The lunatic Brexit circus goes on with no end – and little logic – in sight
The demented carnival that is Brexit rolls on with yet more lunacy and infighting in the Tory party.
David Cameron's aim of bringing the doomed Brexit referendum in the first place was to put an end to the interminable Conservative in-fighting - and copper fasten his position as Prime Minister in the process. As such, it must be judged as one of the greatest mistakes in modern political history.
The Tory party - never the most unified of groups - has never looked so divided and those divisions threaten to make Brexit an even greater disaster for the UK and for Europe.
Last Thursday morning, flying in the face of all evidence, the UK's Brexit Minister - surely one of the most undesirable job in world politics - sought to play down the risks of a 'No Deal' Brexit.
He made the comments as his department launched a slew of notices advising businesses and the public how they might guard themselves against any post 'No Deal' issues.
So far so reassuring. The problems began when people started to actually read the notices which pointed out, among many other things, that in the event of a no deal, UK citizens in the EU may have difficulty accessing their pensions; that free circulation of goods would cease; and that EU tariffs on UK goods were viewed as almost inevitable.
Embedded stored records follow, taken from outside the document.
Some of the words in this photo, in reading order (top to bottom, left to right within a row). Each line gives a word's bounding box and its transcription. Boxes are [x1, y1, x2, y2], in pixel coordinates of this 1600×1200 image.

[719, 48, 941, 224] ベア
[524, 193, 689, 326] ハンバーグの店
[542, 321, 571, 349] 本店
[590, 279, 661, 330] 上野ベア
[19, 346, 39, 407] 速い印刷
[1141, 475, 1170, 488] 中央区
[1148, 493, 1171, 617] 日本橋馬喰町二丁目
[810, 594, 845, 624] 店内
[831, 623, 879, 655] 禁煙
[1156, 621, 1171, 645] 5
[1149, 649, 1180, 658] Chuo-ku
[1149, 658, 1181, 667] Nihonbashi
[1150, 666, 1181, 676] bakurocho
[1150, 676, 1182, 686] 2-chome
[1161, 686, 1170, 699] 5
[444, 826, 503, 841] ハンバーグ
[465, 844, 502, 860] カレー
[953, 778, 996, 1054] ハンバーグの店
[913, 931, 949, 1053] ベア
Despite their contents, UK Secretary of State Dominic Raab's reassurances on the technical notices actually seemed to do the trick.
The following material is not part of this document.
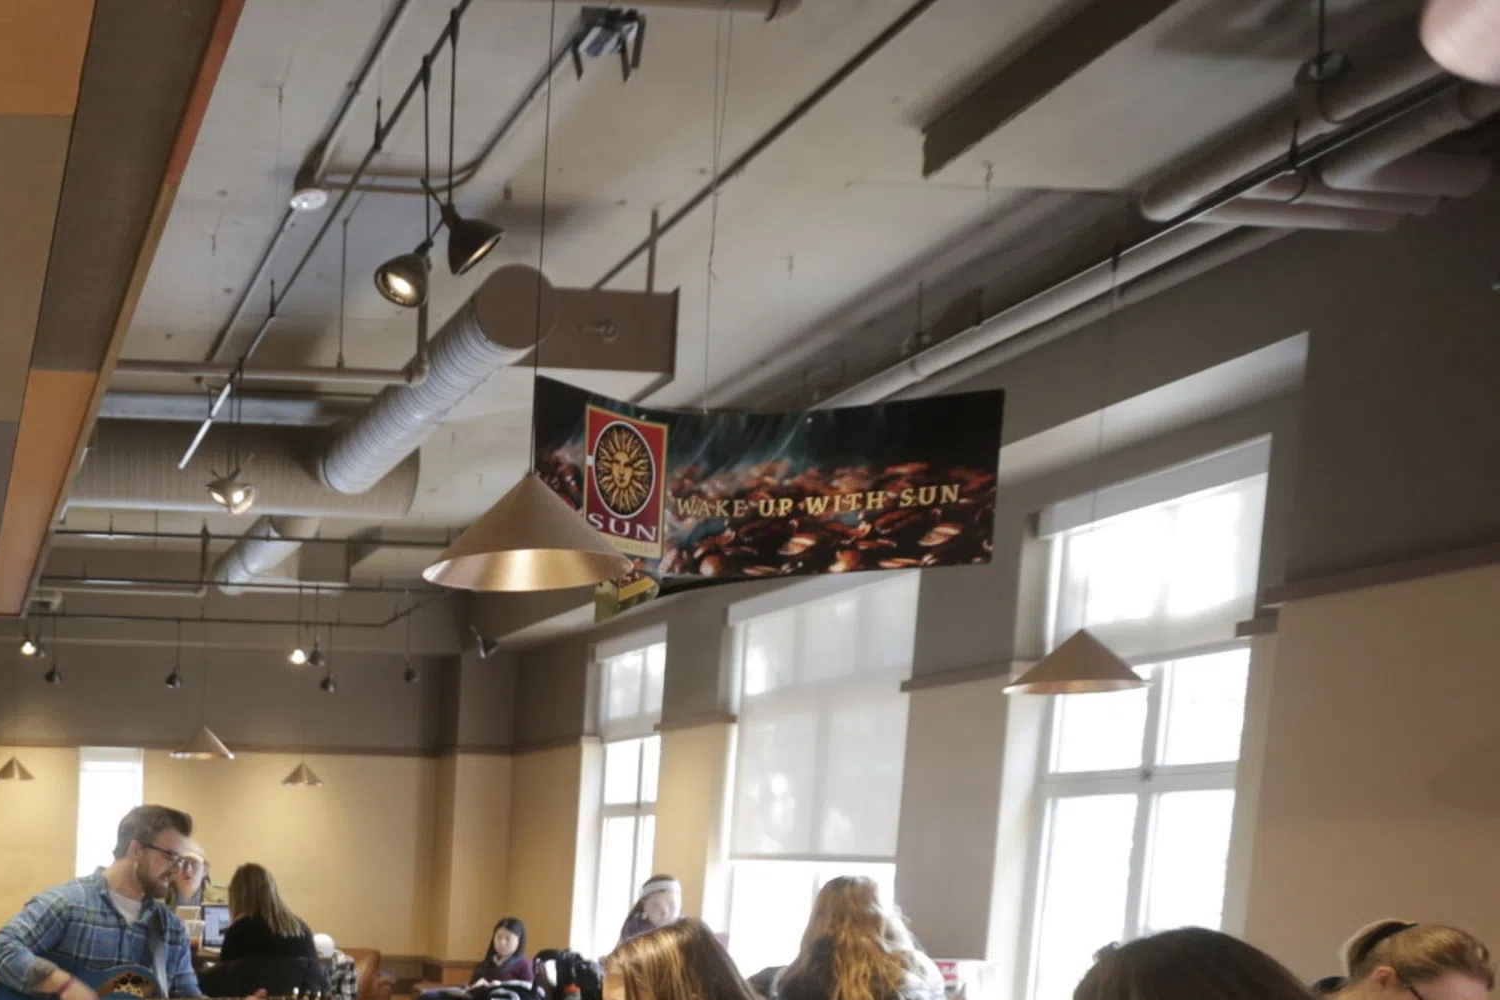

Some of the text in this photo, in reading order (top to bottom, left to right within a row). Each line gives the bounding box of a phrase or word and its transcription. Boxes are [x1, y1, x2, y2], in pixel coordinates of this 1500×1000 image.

[676, 484, 961, 517] WAKE UP WITH SUN
[588, 513, 657, 542] SUN
And then Chancellor Philip Hammond - a rare beacon of common sense in this Westminster madness - took to the stage to highlight Treasury forecasts that a 'no deal' Brexit would see the UK forced to borrow an astronomical £80 billion, in just the next 10 years, to keep the UK's economy afloat.
He identified a few key sectors that would be most at risk. They were chemicals, food and drink, clothing, manufacturing, cars, and retail which, to most observers, are not just a few key sectors but, in reality, represent the entire economy.
As predicted before the referendum, voters in the north east of Britain, who overwhelming backed 'Leave', will be the worst hit.
As he tried to calm British nerves, Dominic Raab had said he hoped "calmer heads would prevail".
And did they? Well, what do you think?
Once again, faced with overwhelming evidence that their cause is a deranged effort to drive the UK off an economic cliff, the maniacal Brexiteers went on the attack.
With a deal required by October 18 - and already few signs that a compromise can be reached in time - the Tory feud has been reignited, further derailing the process.
The British economic car is now very close to the cliff edge and rather than hitting the brakes, or jumping from the car, the Tories are slamming down the accelerator.
In the face of the madness in Westminster the EU has at least acknowledged that more time may be needed and said it would be willing to give Britain more time.
It very likely won't be enough. The extension would only be for a matter of weeks and, given all that has happened so far, its hard to see the warring Tories coming to their senses so quickly.